What you have to do -> What you return must match the data below exactly, minus any pictures.

Saved data entries
[Start of Attachment]
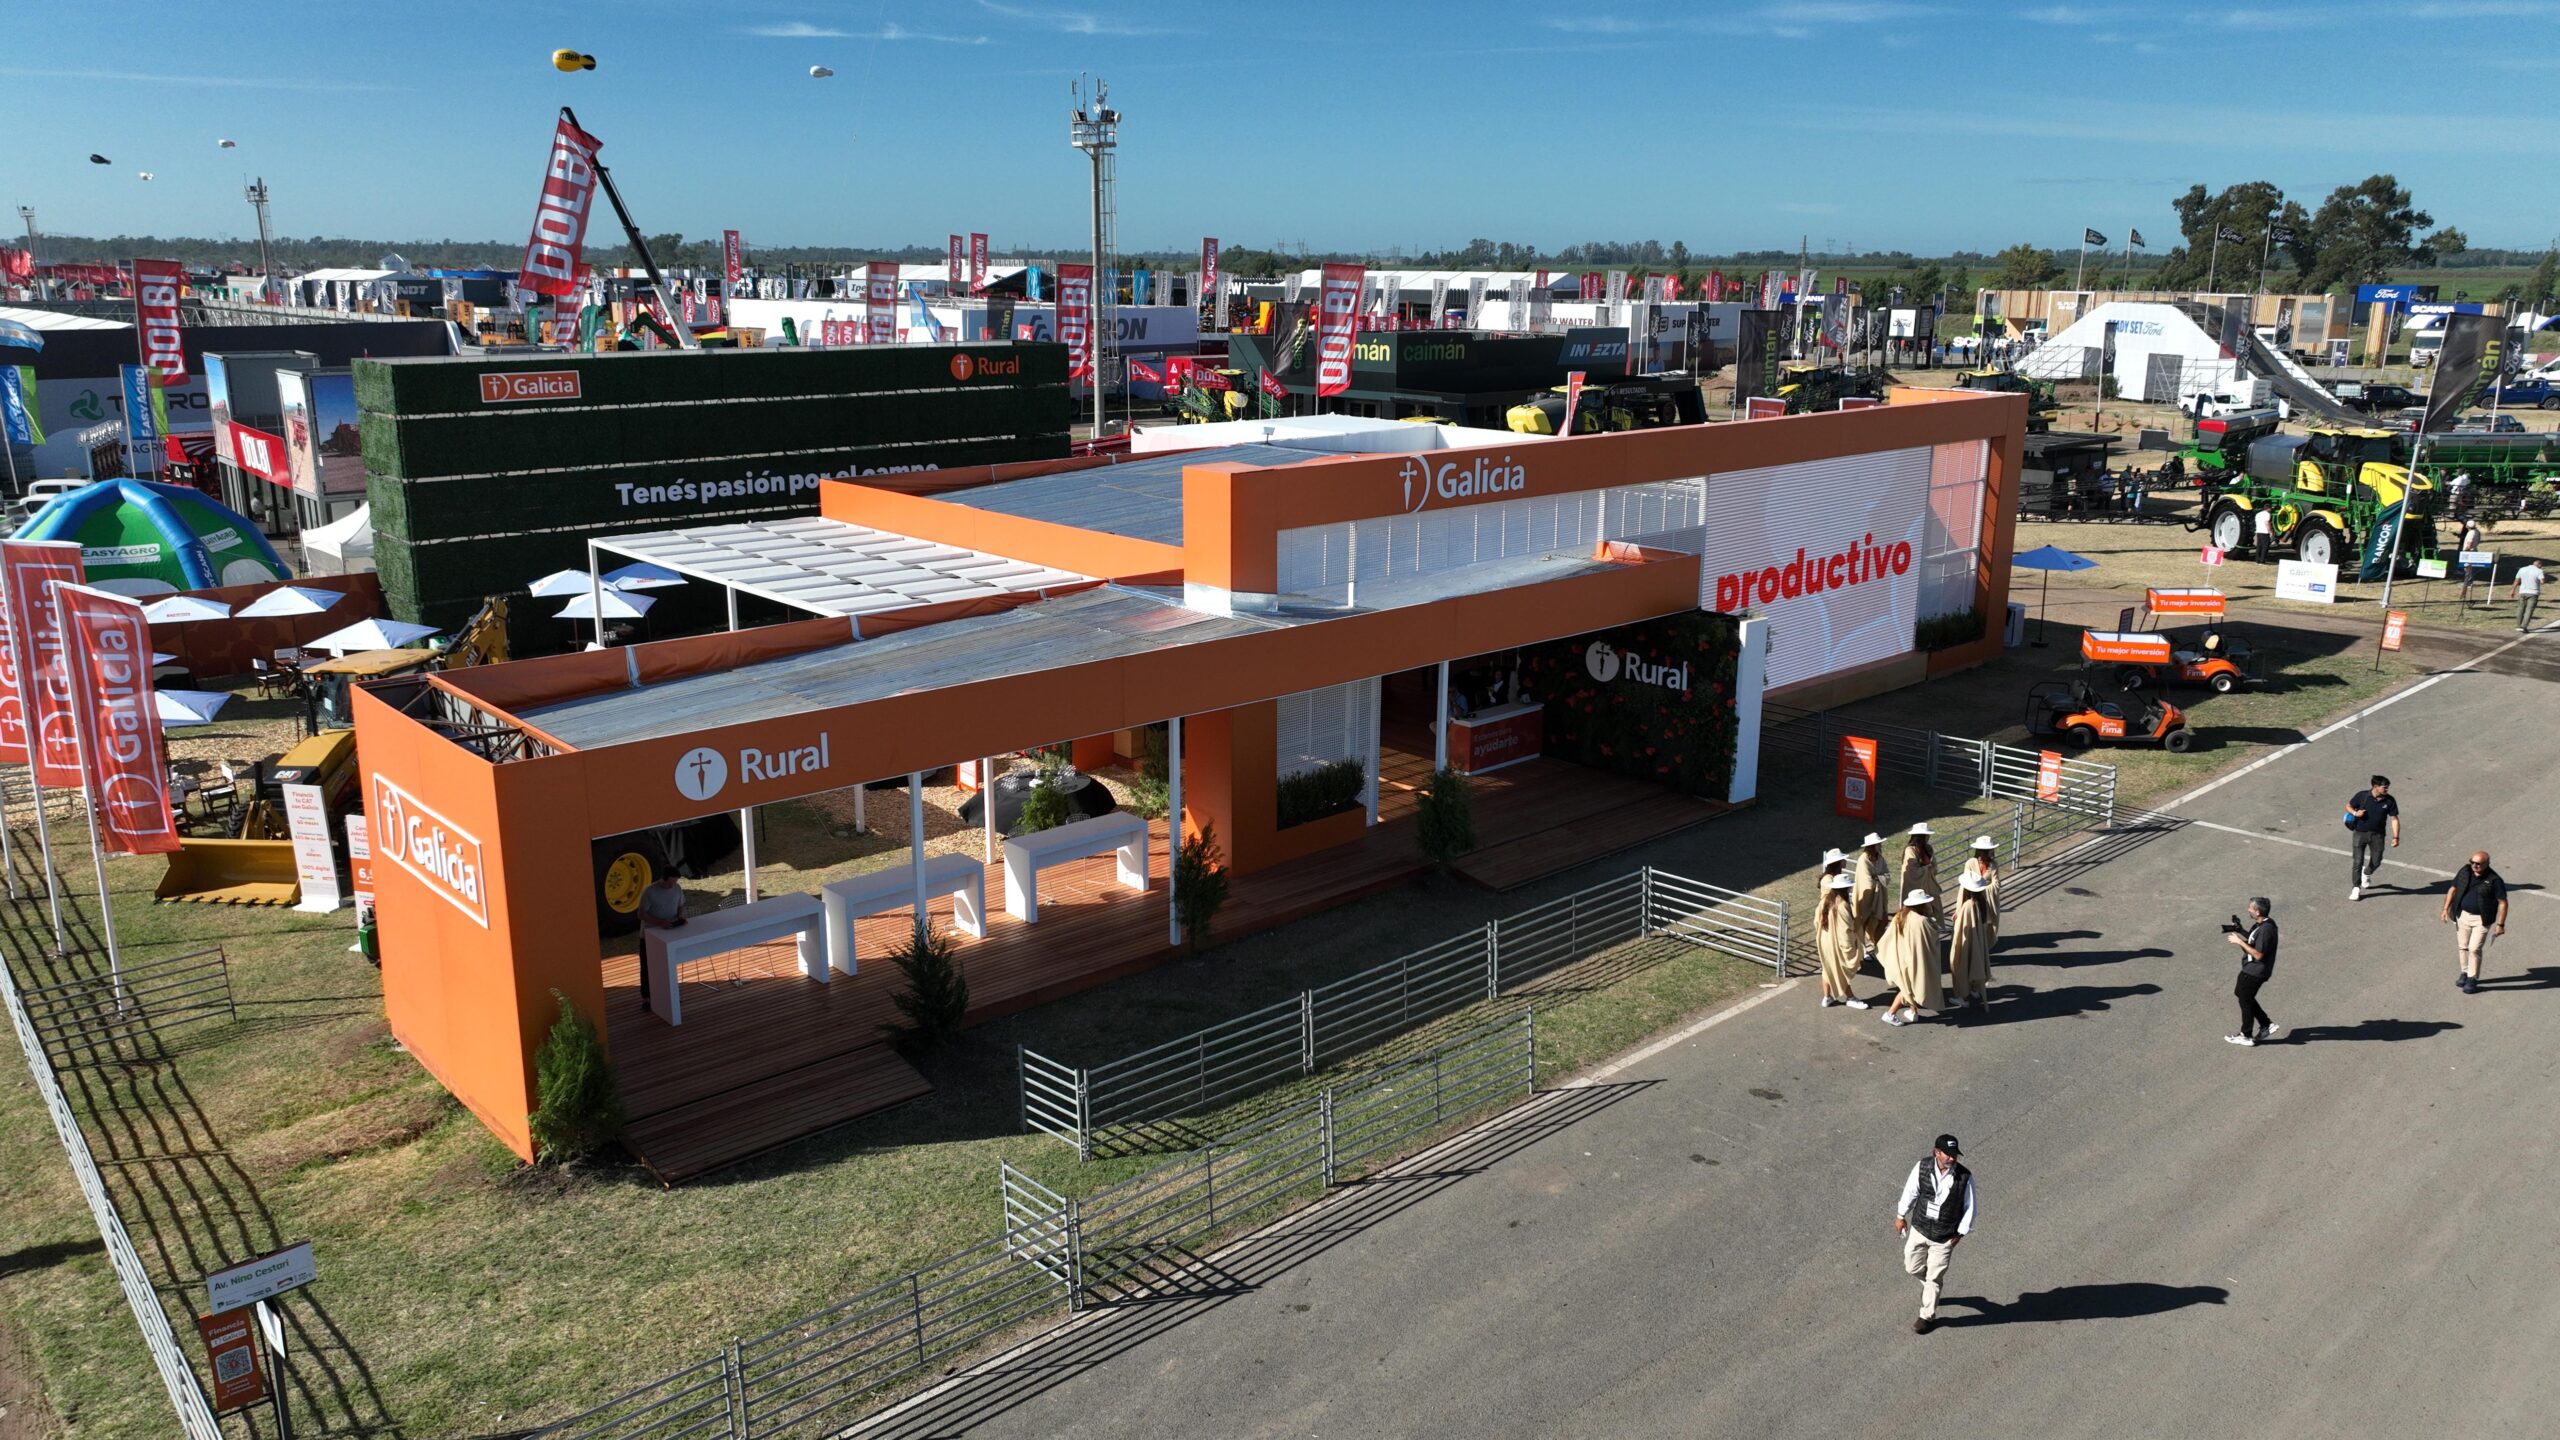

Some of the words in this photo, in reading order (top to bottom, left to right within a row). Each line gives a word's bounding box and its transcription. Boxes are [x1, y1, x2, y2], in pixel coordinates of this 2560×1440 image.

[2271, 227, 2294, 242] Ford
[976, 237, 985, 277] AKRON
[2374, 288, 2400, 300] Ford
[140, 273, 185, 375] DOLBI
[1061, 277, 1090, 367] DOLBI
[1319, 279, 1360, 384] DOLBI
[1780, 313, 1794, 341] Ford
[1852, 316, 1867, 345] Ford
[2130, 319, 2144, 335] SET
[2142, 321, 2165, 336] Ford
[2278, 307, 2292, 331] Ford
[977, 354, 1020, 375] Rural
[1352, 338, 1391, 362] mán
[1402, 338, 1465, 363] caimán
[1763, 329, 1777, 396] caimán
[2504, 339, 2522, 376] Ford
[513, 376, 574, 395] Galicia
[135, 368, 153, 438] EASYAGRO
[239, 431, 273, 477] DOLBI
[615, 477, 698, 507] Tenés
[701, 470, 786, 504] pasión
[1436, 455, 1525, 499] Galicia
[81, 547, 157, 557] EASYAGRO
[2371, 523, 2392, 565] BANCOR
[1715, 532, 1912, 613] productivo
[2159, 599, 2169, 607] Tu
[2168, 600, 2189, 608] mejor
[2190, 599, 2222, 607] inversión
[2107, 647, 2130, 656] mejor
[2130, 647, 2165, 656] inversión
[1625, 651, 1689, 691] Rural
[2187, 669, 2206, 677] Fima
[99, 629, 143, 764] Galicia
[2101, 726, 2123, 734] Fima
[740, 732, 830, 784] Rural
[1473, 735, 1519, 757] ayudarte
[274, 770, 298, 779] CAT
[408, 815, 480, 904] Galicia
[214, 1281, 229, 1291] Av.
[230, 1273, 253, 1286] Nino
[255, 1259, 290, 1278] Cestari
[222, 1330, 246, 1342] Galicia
[End of Attachment]
Reply ->
Some of the words in this photo, in reading order (top to bottom, left to right within a row). Each line gives a word's bounding box and its transcription. Boxes are [x1, y1, x2, y2], in pixel coordinates of this 2560×1440 image.

[2271, 227, 2294, 242] Ford
[976, 237, 985, 277] AKRON
[2374, 288, 2400, 300] Ford
[140, 273, 185, 375] DOLBI
[1061, 277, 1090, 367] DOLBI
[1319, 279, 1360, 384] DOLBI
[1780, 313, 1794, 341] Ford
[1852, 316, 1867, 345] Ford
[2130, 319, 2144, 335] SET
[2142, 321, 2165, 336] Ford
[2278, 307, 2292, 331] Ford
[977, 354, 1020, 375] Rural
[1352, 338, 1391, 362] mán
[1402, 338, 1465, 363] caimán
[1763, 329, 1777, 396] caimán
[2504, 339, 2522, 376] Ford
[513, 376, 574, 395] Galicia
[135, 368, 153, 438] EASYAGRO
[239, 431, 273, 477] DOLBI
[615, 477, 698, 507] Tenés
[701, 470, 786, 504] pasión
[1436, 455, 1525, 499] Galicia
[81, 547, 157, 557] EASYAGRO
[2371, 523, 2392, 565] BANCOR
[1715, 532, 1912, 613] productivo
[2159, 599, 2169, 607] Tu
[2168, 600, 2189, 608] mejor
[2190, 599, 2222, 607] inversión
[2107, 647, 2130, 656] mejor
[2130, 647, 2165, 656] inversión
[1625, 651, 1689, 691] Rural
[2187, 669, 2206, 677] Fima
[99, 629, 143, 764] Galicia
[2101, 726, 2123, 734] Fima
[740, 732, 830, 784] Rural
[1473, 735, 1519, 757] ayudarte
[274, 770, 298, 779] CAT
[408, 815, 480, 904] Galicia
[214, 1281, 229, 1291] Av.
[230, 1273, 253, 1286] Nino
[255, 1259, 290, 1278] Cestari
[222, 1330, 246, 1342] Galicia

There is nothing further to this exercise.